◆ WORK INSTRUCTION
Where an entry holds an image, skip the image but reproduce the rest word for word.

◆ THE DATA
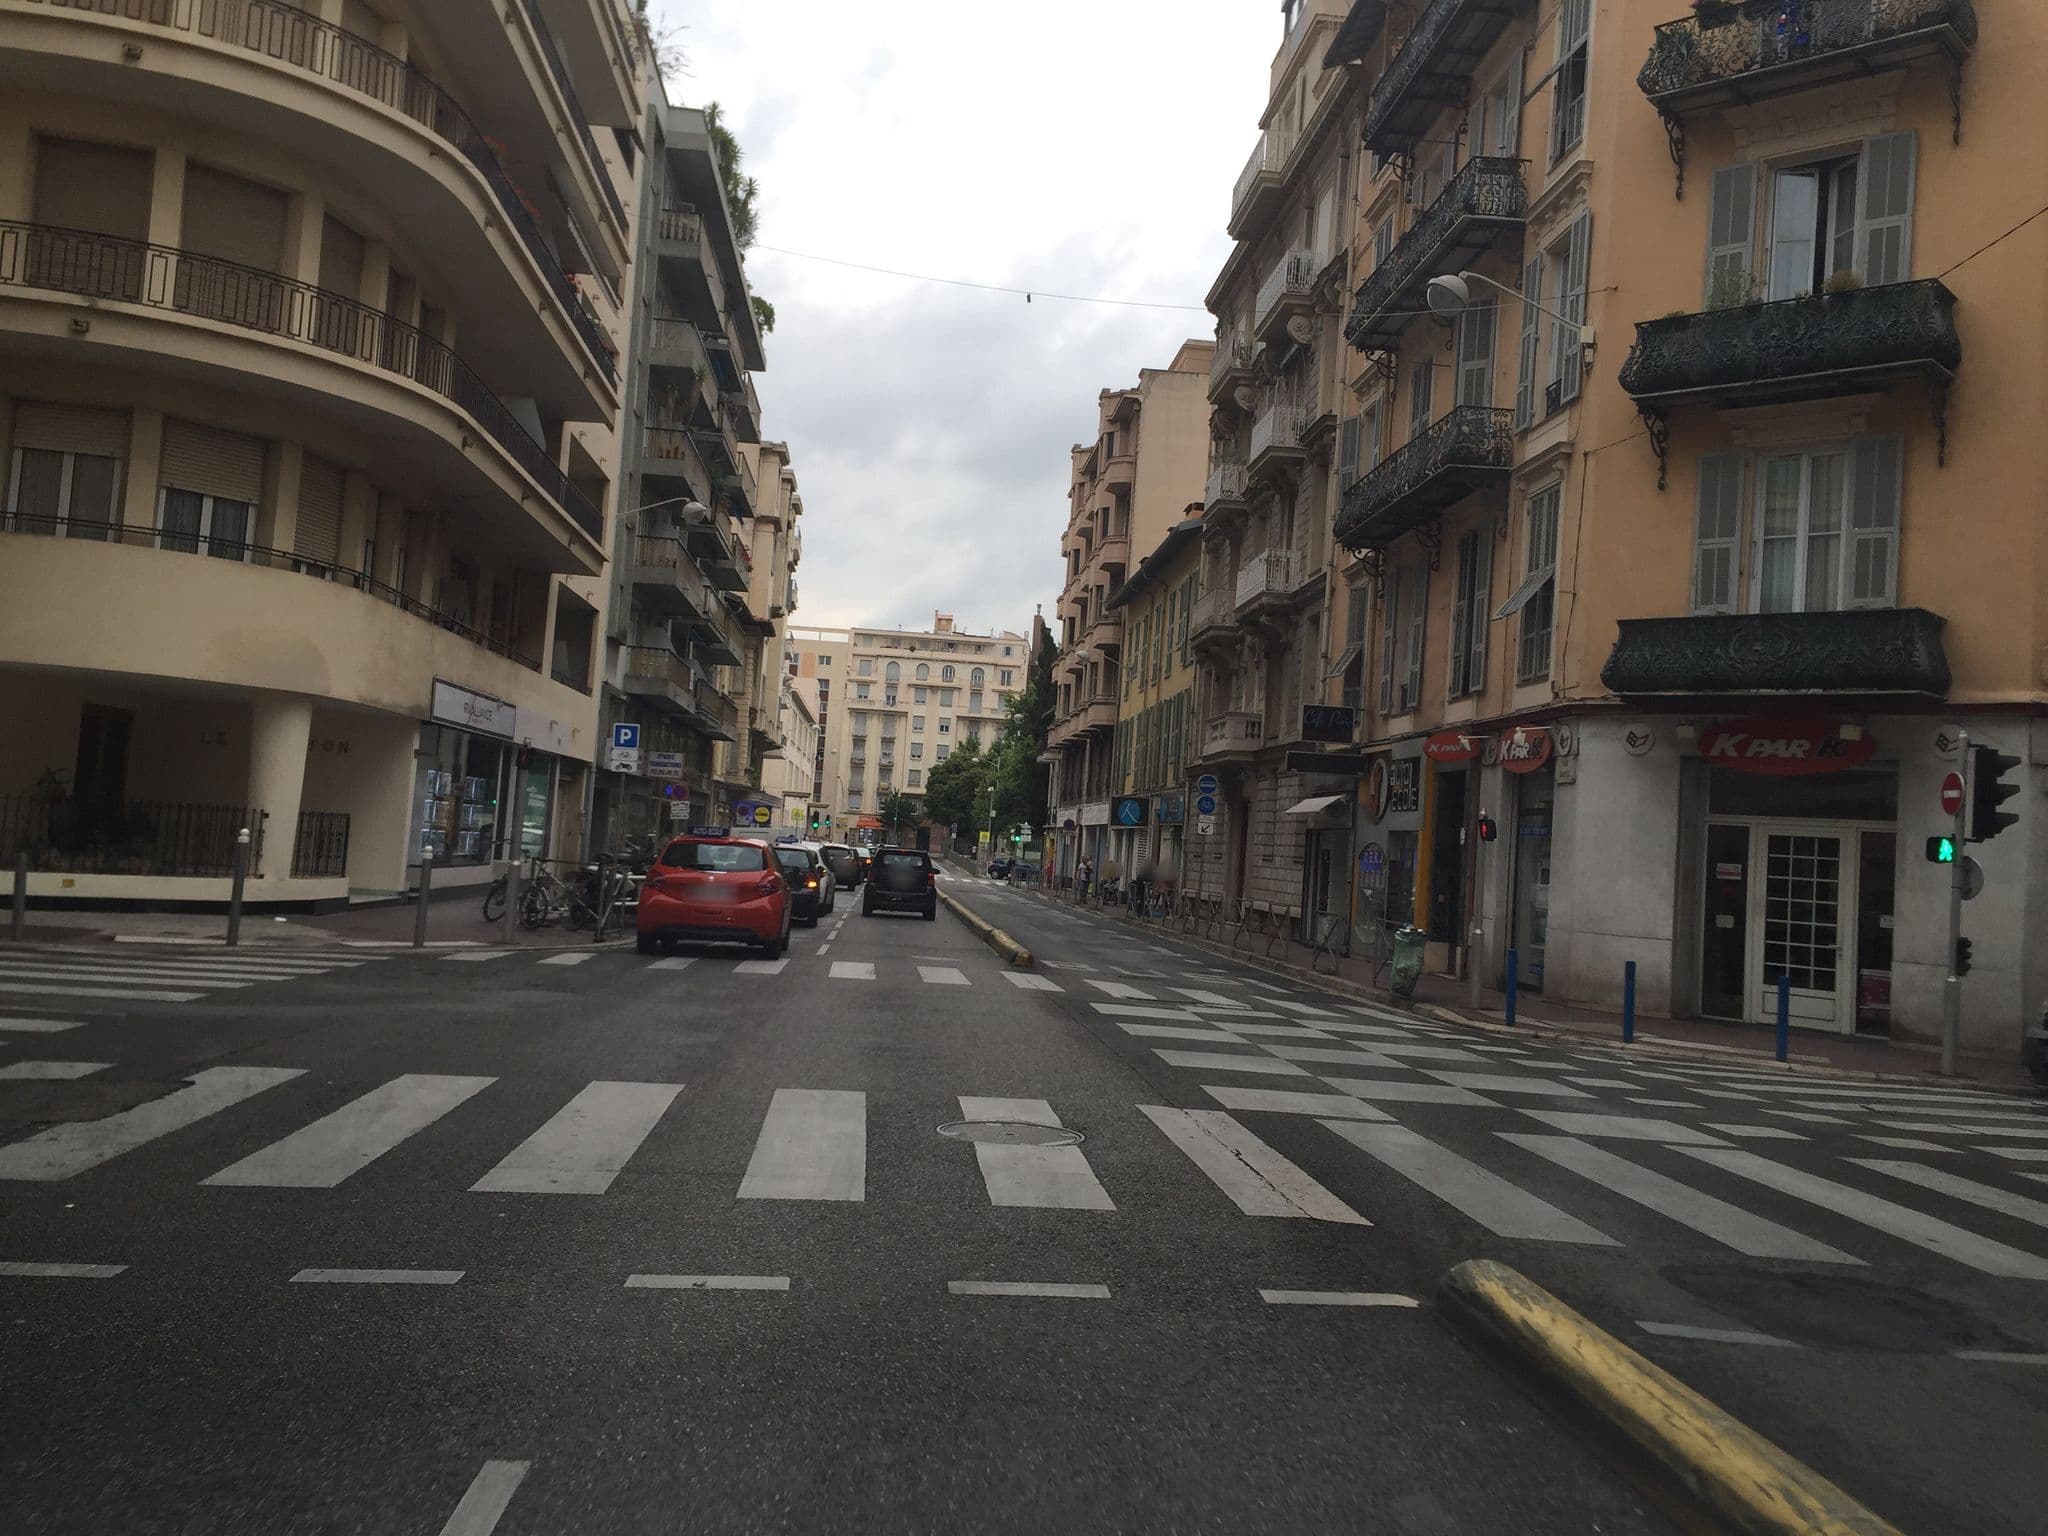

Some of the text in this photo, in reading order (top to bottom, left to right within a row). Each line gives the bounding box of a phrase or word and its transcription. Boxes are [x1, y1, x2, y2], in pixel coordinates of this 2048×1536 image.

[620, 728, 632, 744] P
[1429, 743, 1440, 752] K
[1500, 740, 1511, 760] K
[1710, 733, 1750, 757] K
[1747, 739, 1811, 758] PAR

◆ WRITTEN SOLUTION
Some of the text in this photo, in reading order (top to bottom, left to right within a row). Each line gives the bounding box of a phrase or word and its transcription. Boxes are [x1, y1, x2, y2], in pixel coordinates of this 2048×1536 image.

[620, 728, 632, 744] P
[1429, 743, 1440, 752] K
[1500, 740, 1511, 760] K
[1710, 733, 1750, 757] K
[1747, 739, 1811, 758] PAR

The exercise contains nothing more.